Now for the original thought. You've heard of the M1, the money supply. Dollars in circulation. There's also M2, often called the velocity of money. If M2 is a leading indicator of economic activity. When money starts moving faster, it means people and businesses are spending more of what cash they have. As long as that's not a result of inflation, that's a good thing.
I'd like to propose that there's a similar notion of the velocity of jobs. The unemployment rate is low, we're probably pretty close to full employment, but how easy is it for someone to find a new job? When the "velocity of jobs" picks up, when it's easier for people to find new work, then they start to feel more secure, and more optimistic. Full employment without options isn't satisfying. An unemployment rate of 6% but with lots of new openings provides hope. It's the possibility, or threat, of finding new work, that can allow workers to better their situations in the short term.
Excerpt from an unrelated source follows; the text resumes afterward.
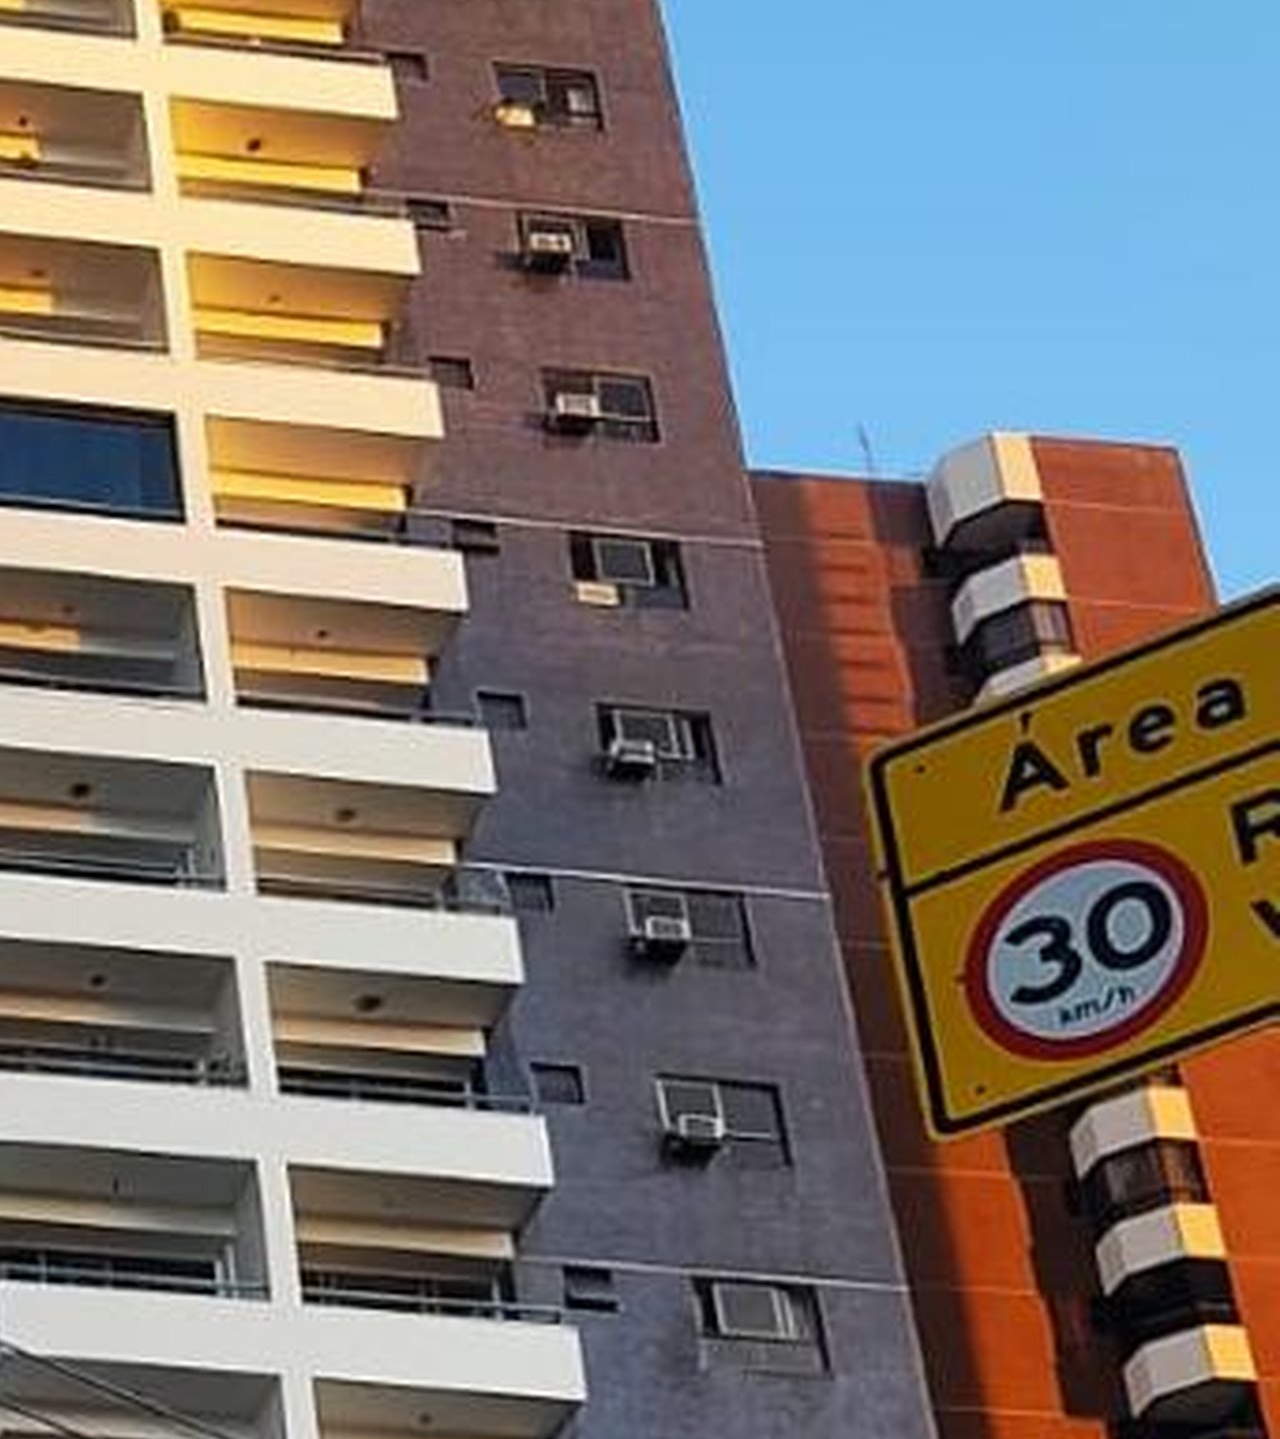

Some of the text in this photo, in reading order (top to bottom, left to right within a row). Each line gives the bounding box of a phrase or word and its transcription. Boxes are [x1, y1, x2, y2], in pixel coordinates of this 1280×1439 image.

I can think offhand of a few ways of measuring the ease of finding work, but most of them are qualitative. A new survey of the number of people switching jobs. Some survey that measures the mean-time-to-success for job searches. The ratio of help wanted advertising to the size of the local job market. So far, I haven't actually been able to find accepted metrics, but it would surprise me if this hadn't been looked at.
Right now, we're still taking up the slack from an unsustainably low unemployment rate. People got used to an unsustainably high ease of finding new work. Psychologically, people's opinions about the job situation won't change until enough slack is gone that they can again find new work, to improve their situations, easily.
With the unemployment rate, it's a very high bar, I'm afraid.